The first announcement of the seat distribution, which was early in the morning of 2 September, showed 42 seats for CDU, 41 for AfD, 9 for SPD, and 6 for the Greens. Later in the morning, the state electoral committee announced there had been an error in calculating the seat distribution: one seat was deducted from CDU's and AfD's blocs, and one seat was added to SPD's and Greens' blocs. The committee blamed a software bug that resulted in the 117th through 120th seats being allocated incorrectly. External observers initially speculated that the seat distribution was mistakenly calculated with the D'Hondt method, even though the Sainte-Laguë method was to replace it beginning with this election; administrators denied this and stated it was a coincidence that the incorrect seat distribution matched the D'Hondt method's result. Notably, the loss of this one seat denied AfD a Sperrminorität ("blocking minority") that would have given it veto power over certain parliamentary actions requiring a two-thirds supermajority, such as judicial appointments and constitutional amendments, even if it is not in government.

Saxony has a version of the Grundmandatsklausel ("basic mandate clause") that is present in federal elections, which grants full proportional seating to parties that win two constituency seats even if they do not reach the electoral threshold of 5% of party-list votes. This enabled Die Linke, which received only 4.5% of party-list votes, to win list seats and receive representation in parliament proportionate to its vote share.

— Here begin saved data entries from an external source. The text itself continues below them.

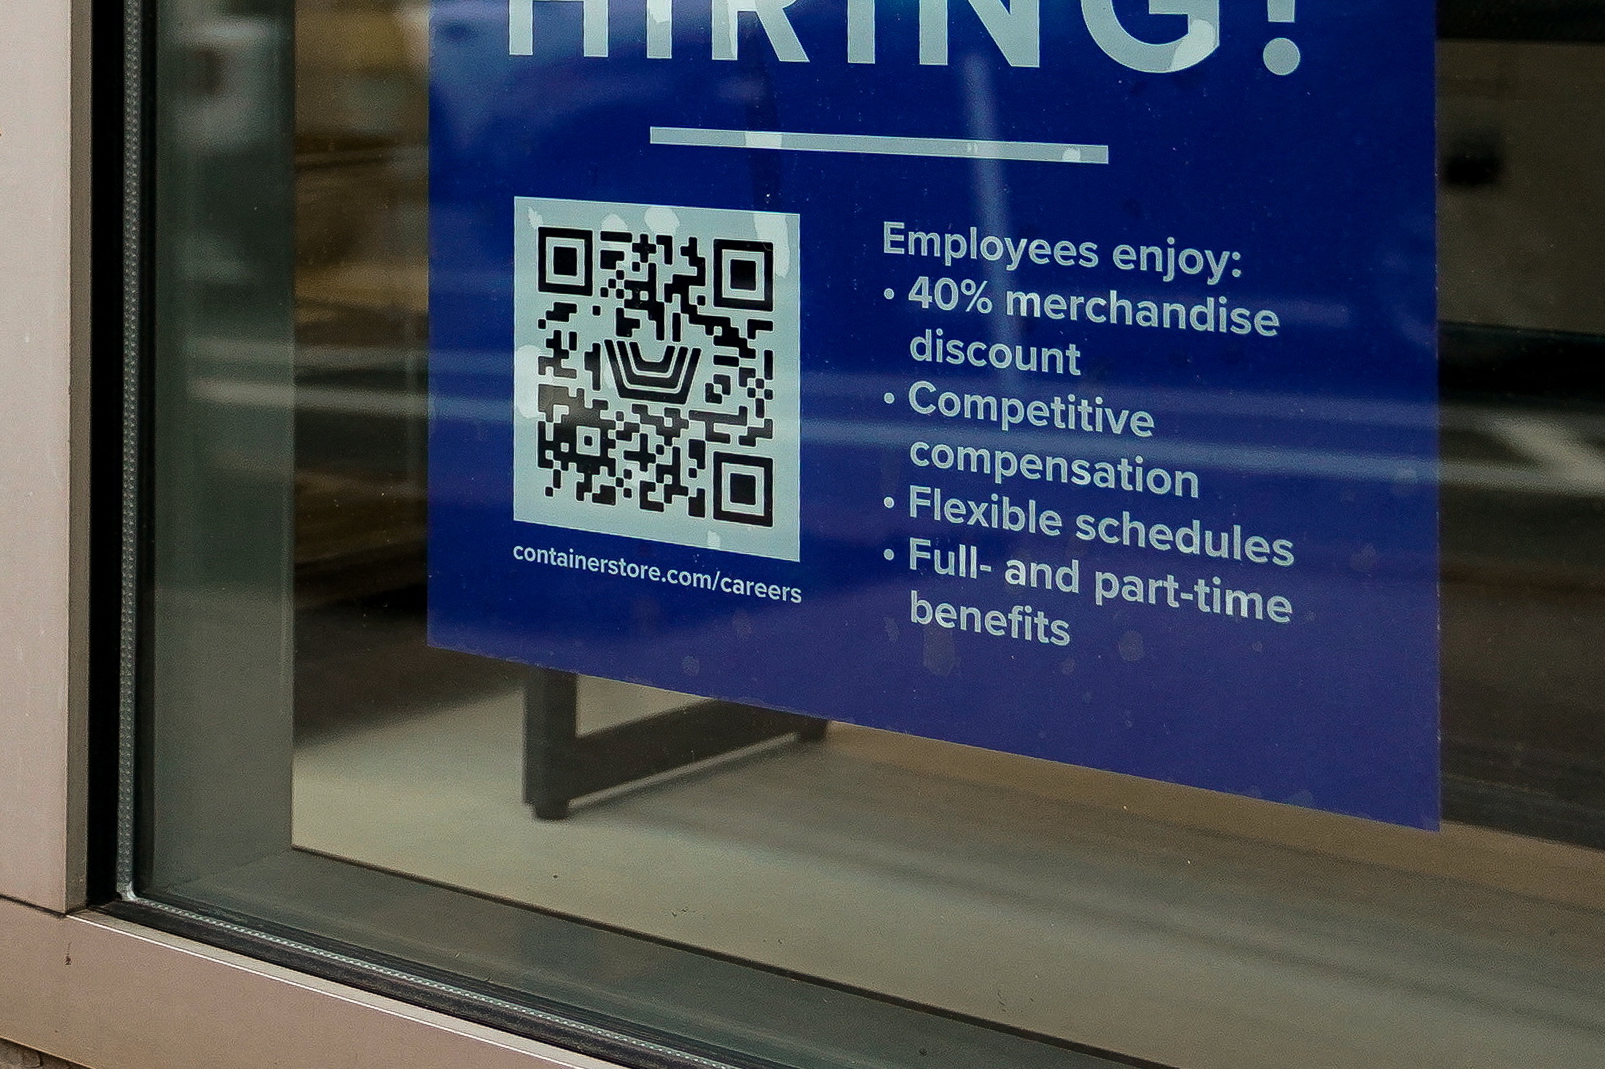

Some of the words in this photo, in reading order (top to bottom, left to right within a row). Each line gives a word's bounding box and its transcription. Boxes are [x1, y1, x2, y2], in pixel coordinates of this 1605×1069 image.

[883, 221, 1098, 271] Employees
[1112, 237, 1242, 284] enjoy:
[908, 276, 993, 314] 40%
[1005, 287, 1280, 336] merchandise
[909, 328, 1081, 376] discount
[908, 380, 1155, 437] Competitive
[909, 438, 1199, 498] compensation
[909, 485, 1063, 536] Flexible
[1075, 511, 1294, 567] schedules
[512, 543, 802, 604] containerstore.com/careers
[909, 538, 992, 580] Full-
[1004, 560, 1080, 594] and
[1094, 570, 1293, 623] part-time
[910, 591, 1071, 646] benefits
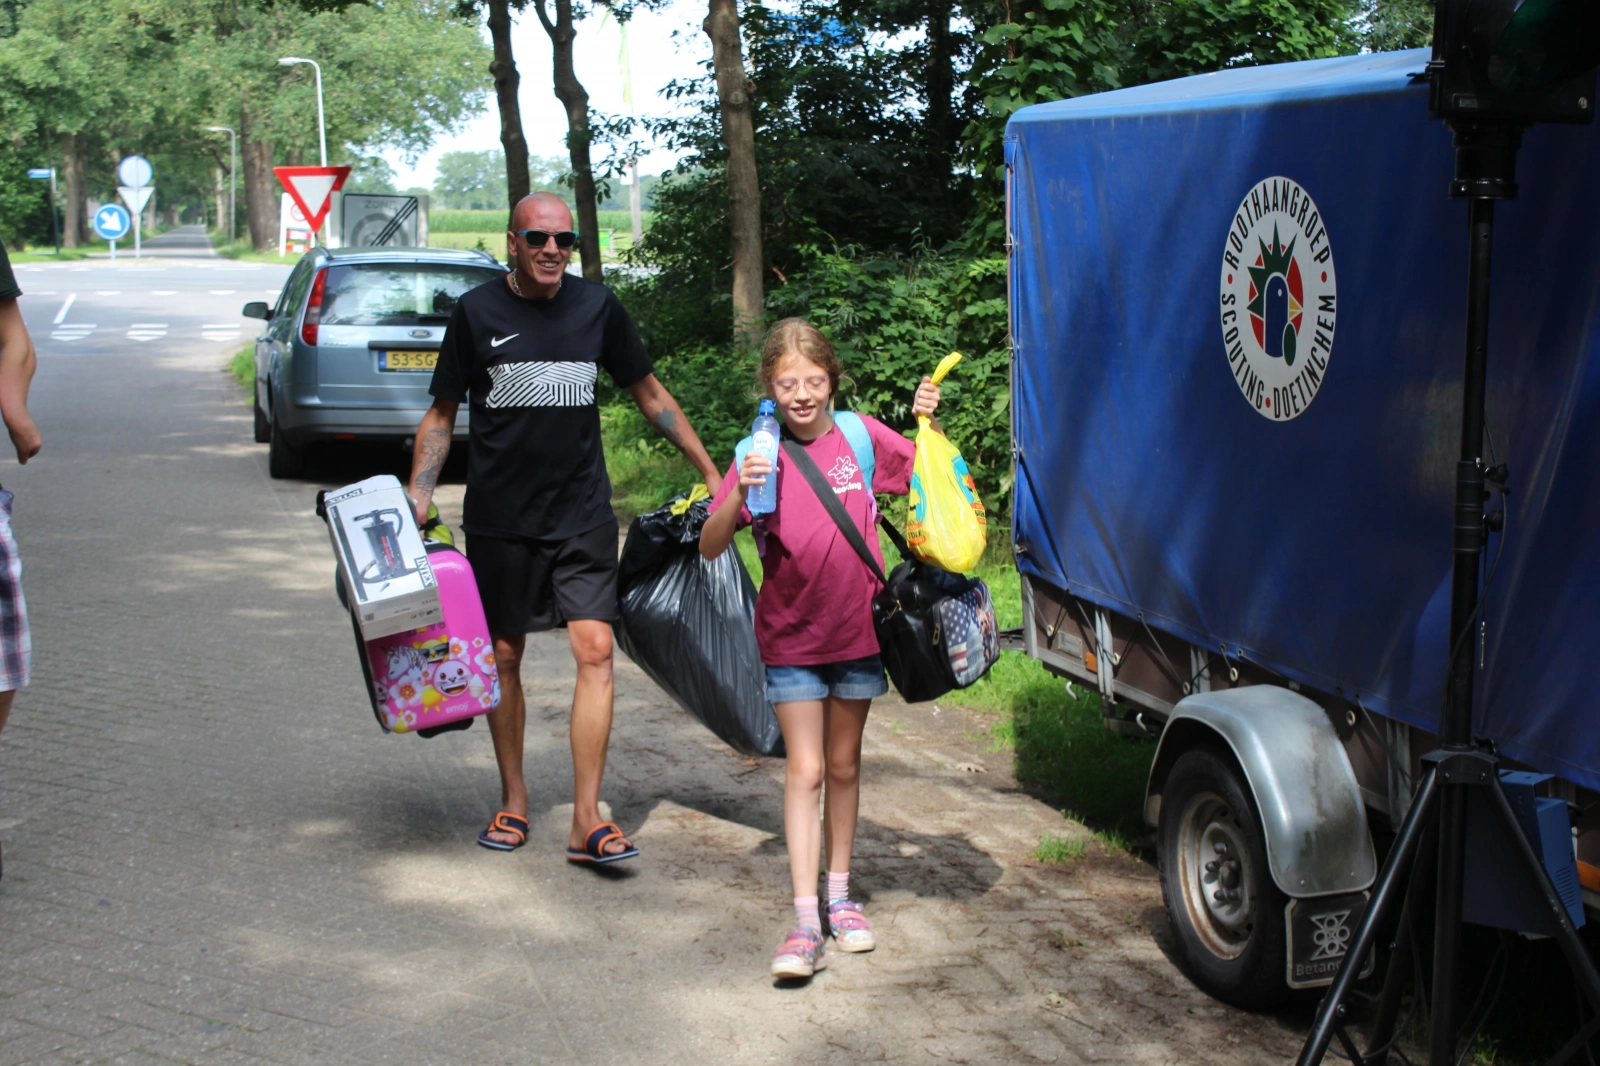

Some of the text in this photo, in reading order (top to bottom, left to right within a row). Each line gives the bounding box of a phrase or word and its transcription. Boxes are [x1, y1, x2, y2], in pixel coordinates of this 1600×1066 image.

[1224, 179, 1331, 270] ROOTHAANGROEP
[392, 353, 438, 367] 53-SG-
[1221, 293, 1264, 410] SCOUTING
[1273, 295, 1336, 419] DOETINCHEM
[832, 482, 862, 495] Scoing
[416, 556, 435, 587] INTEX
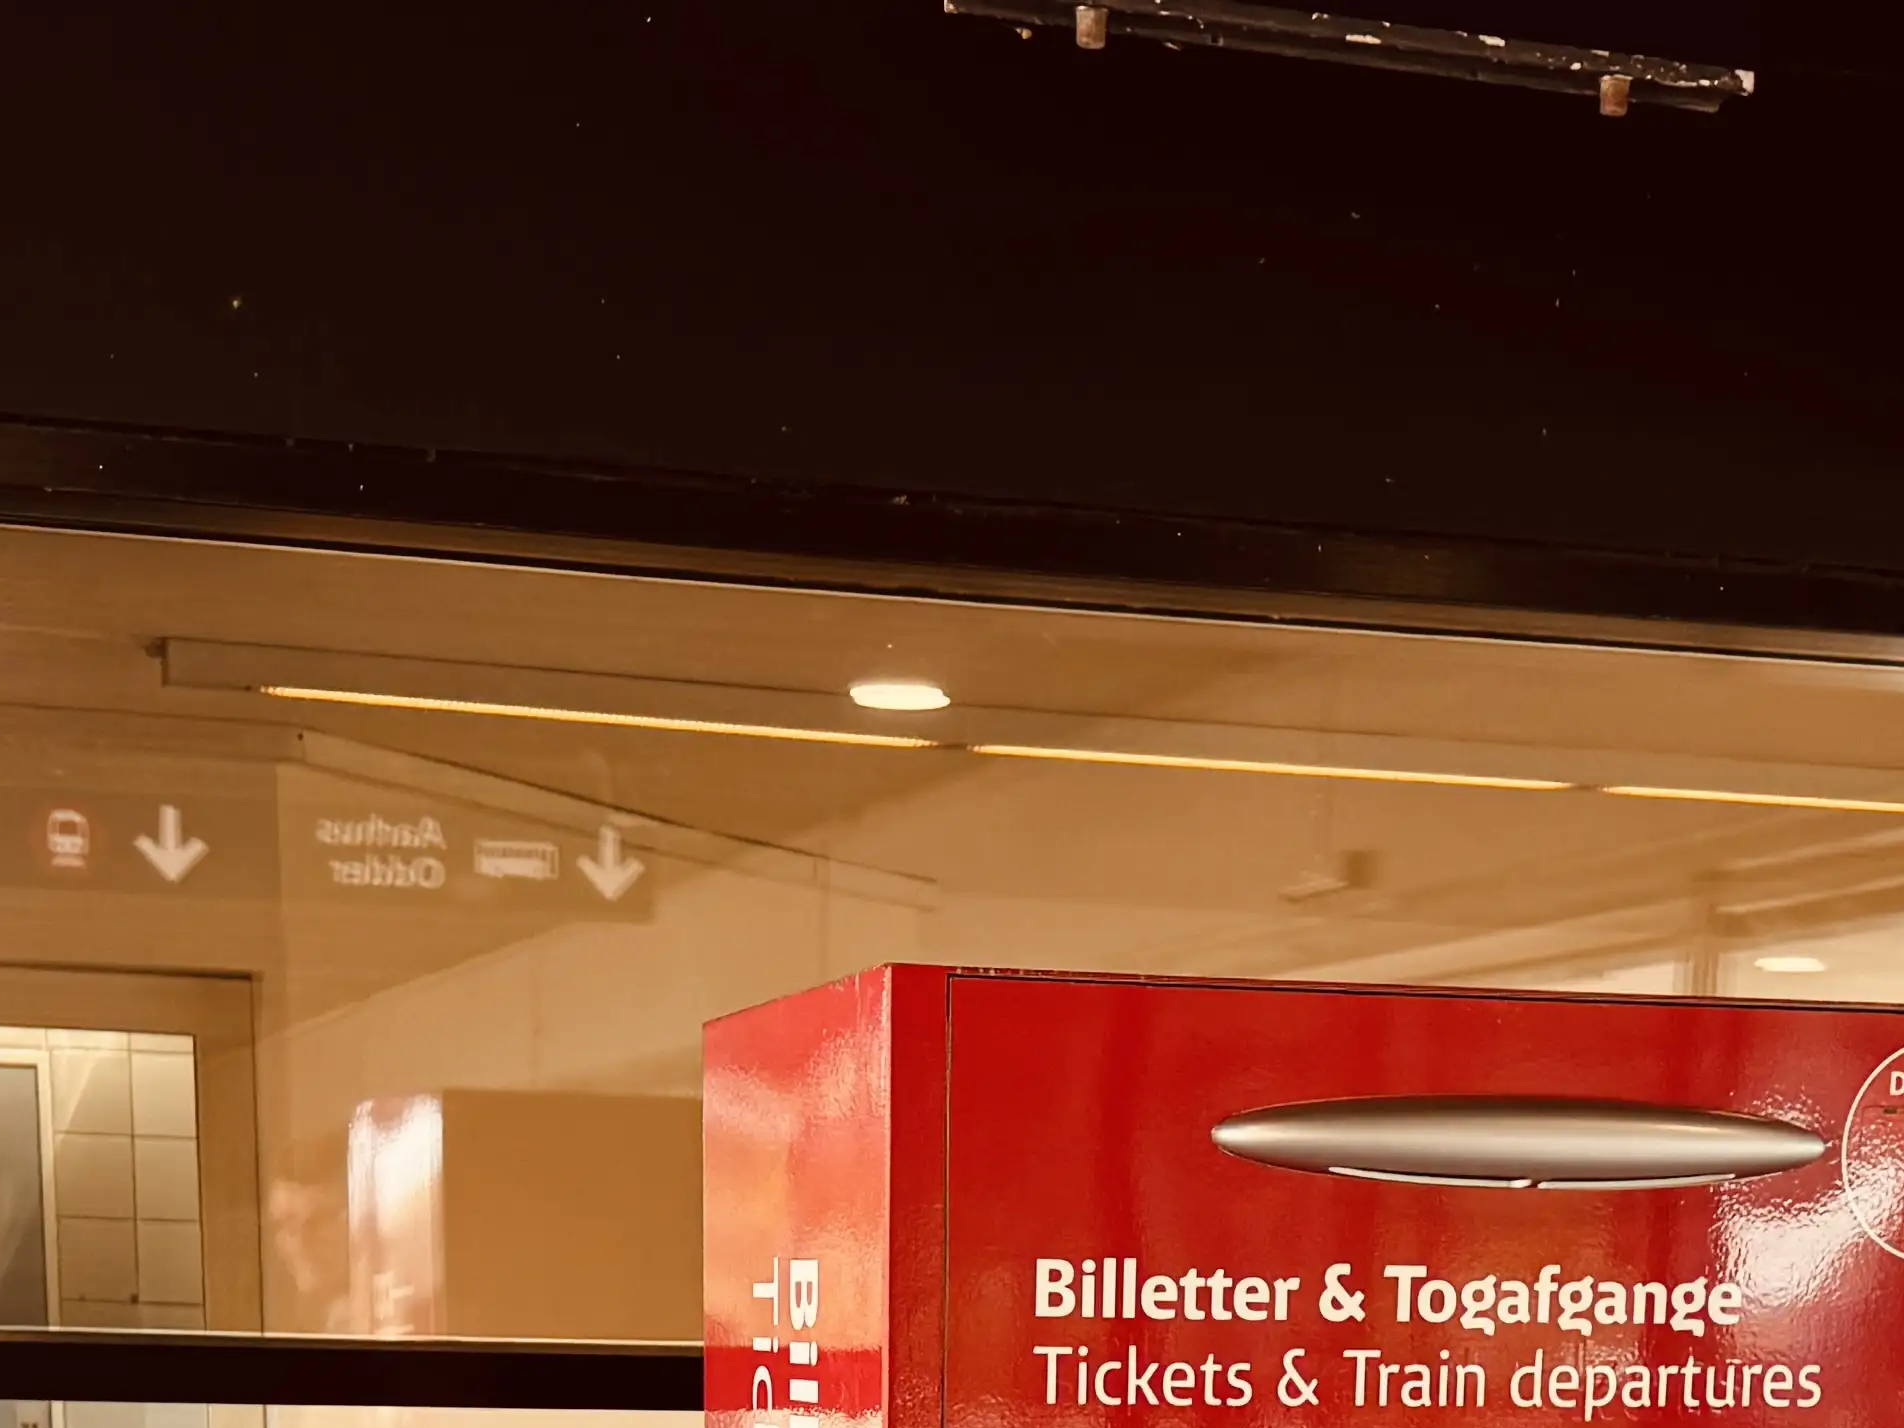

=== Electoral fraud investigation ===
The State Criminal Police Office prosecuted a case of electoral fraud, in which 111 mail ballots in Dresden, 14 in Radeberg, and one in Dohna had their actual votes pasted over and replaced with votes for the right-wing extremist Free Saxony. Initial suspicions were raised after the postal voting district Langebrück-2/Schönborn in Dresden returned an unusually high result of 10.2% of votes for the party, which polled around 2% or less nearly everywhere else in the state. The Dresden and Bautzen electoral committees invalidated all of the modified ballots in their final canvasses of the results on 5 September. The state electoral committee decided this was sufficient and took no further action in its final canvass on 13 September.

Experts from TU Dresden later noticed the neighboring postal voting district Langebrück-1 had returned a similarly unusual figure of 13.4% in June 2024 local elections. Police confirmed that 154 manipulated postal ballots from that election were discovered. Michael Schleinitz, a 44-year-old Free Saxony member from Langebrück who was elected to its district council because of the modified ballots, was suspected of both cases. On 28 October, Schleinitz was arrested for electoral fraud and two unrelated charges of attempted arson against shelters for asylum seekers. In June 2025, he confessed to all charges before the court and was sentenced to four years and three months in prison.

===Government formation===
After the elections in both Thuringia and Saxony, Sahra Wagenknecht, leader of the BSW, stated her preferences to go into a coalition with either the CDU and/or the SPD in an interview with ARD.

Though a right-wing CDU-AfD coalition would have a majority, the national CDU has prohibited any state faction from working with that party. Because of this, the only possible majority coalition was between the CDU, BSW and SPD, also known as the "blackberry coalition".

Kretschmer met with Wagenknecht on 9 September "to explore possibilities for constructive political cooperation", with an eye toward beginning negotiations with BSW on the state level. Federal CDU leader Friedrich Merz appealed to nervous party members to trust Kretschmer and Mario Voigt in their respective negotiations, but reiterated that the party would refuse any cooperation or even discussions with AfD. Kretschmer admitted successful government formation would be a "major challenge" but repeatedly ruled out a minority government.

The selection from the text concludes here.